Phrase grounding data:

----------

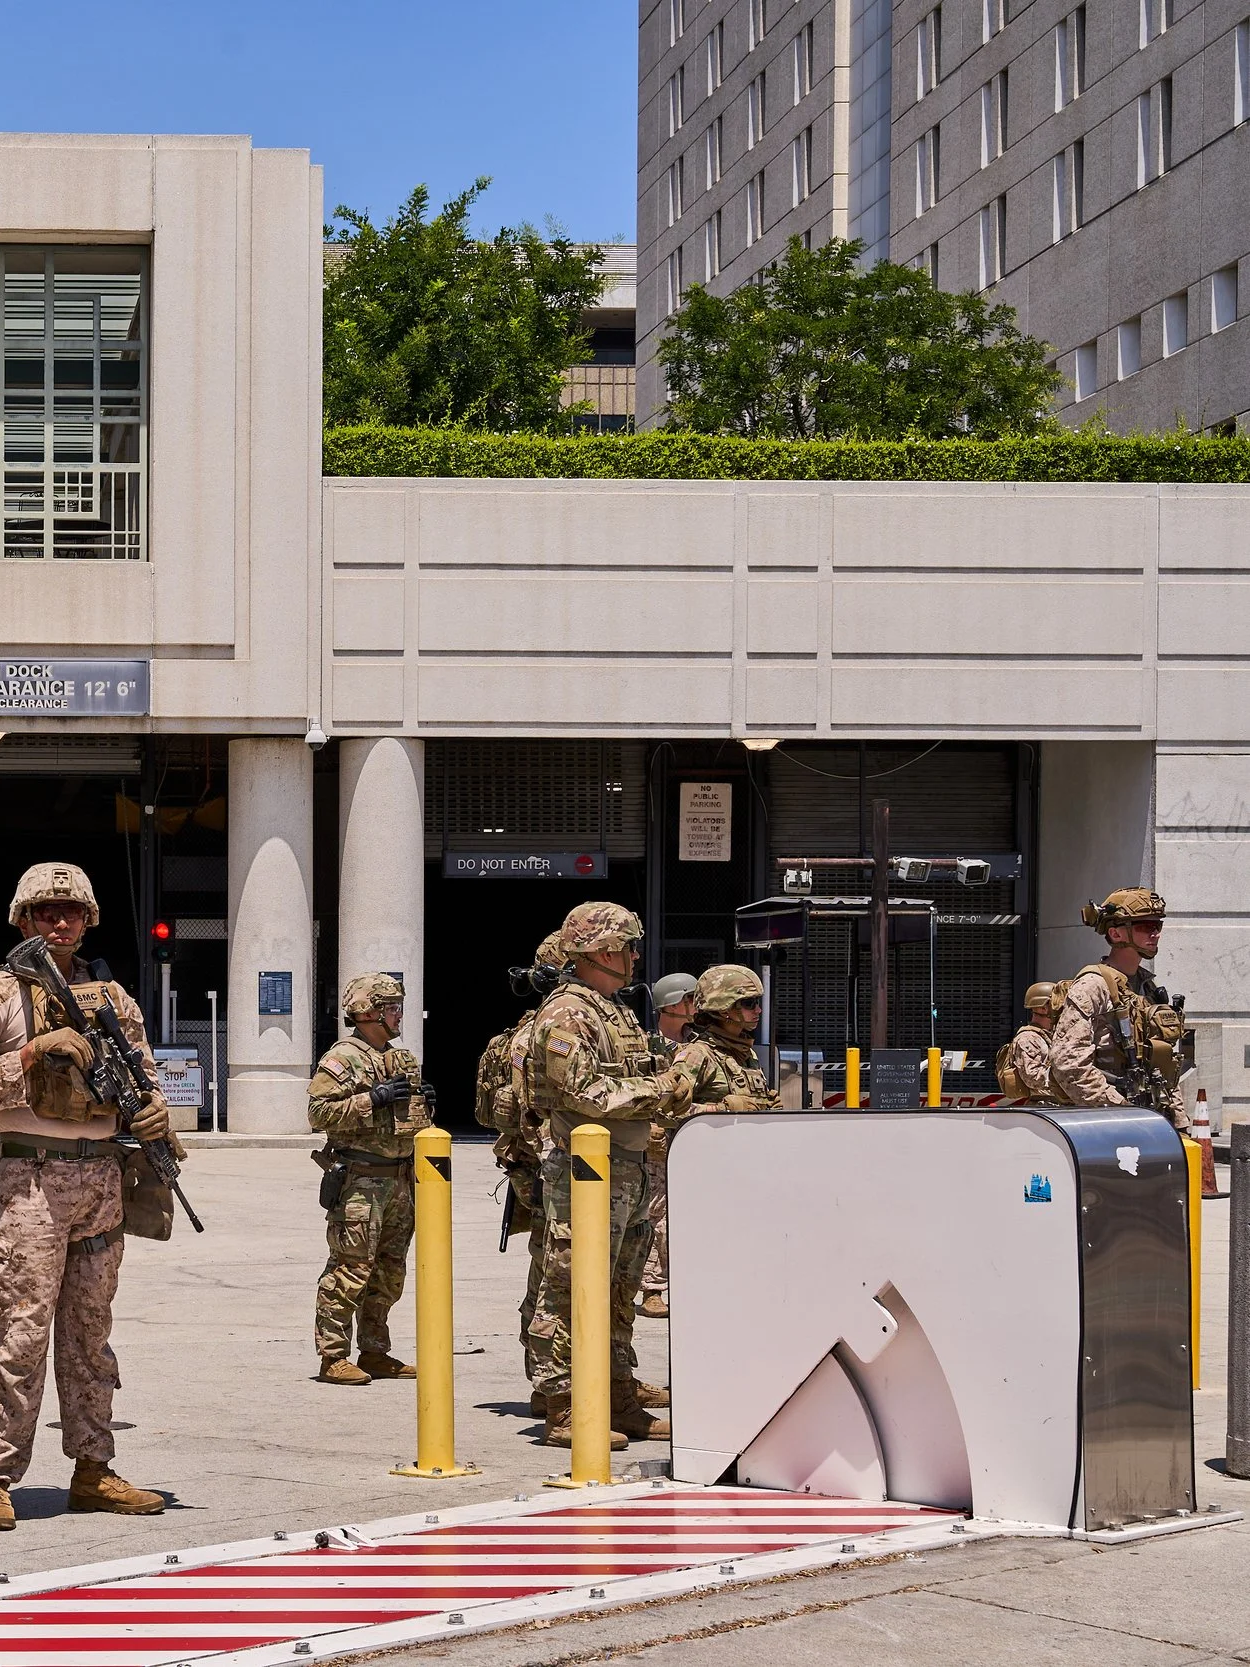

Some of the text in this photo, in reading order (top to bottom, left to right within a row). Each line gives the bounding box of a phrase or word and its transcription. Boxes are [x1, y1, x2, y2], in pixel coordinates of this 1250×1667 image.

[6, 664, 53, 678] DOCK
[84, 681, 111, 697] 12'
[117, 681, 137, 697] 6"
[686, 817, 726, 825] VIOLATORS
[710, 825, 721, 833] BE
[687, 833, 725, 841] TOWED AT
[457, 859, 550, 870] DO NOT ENTER
[164, 1072, 188, 1081] STOP!

----------

◆ GOAL OF THE EXERCISE
Write the records out once more, exactly as they appear, with no pictures.

◆ EXERCISE OUTPUT
Some of the text in this photo, in reading order (top to bottom, left to right within a row). Each line gives the bounding box of a phrase or word and its transcription. Boxes are [x1, y1, x2, y2], in pixel coordinates of this 1250×1667 image.

[6, 664, 53, 678] DOCK
[84, 681, 111, 697] 12'
[117, 681, 137, 697] 6"
[686, 817, 726, 825] VIOLATORS
[710, 825, 721, 833] BE
[687, 833, 725, 841] TOWED AT
[457, 859, 550, 870] DO NOT ENTER
[164, 1072, 188, 1081] STOP!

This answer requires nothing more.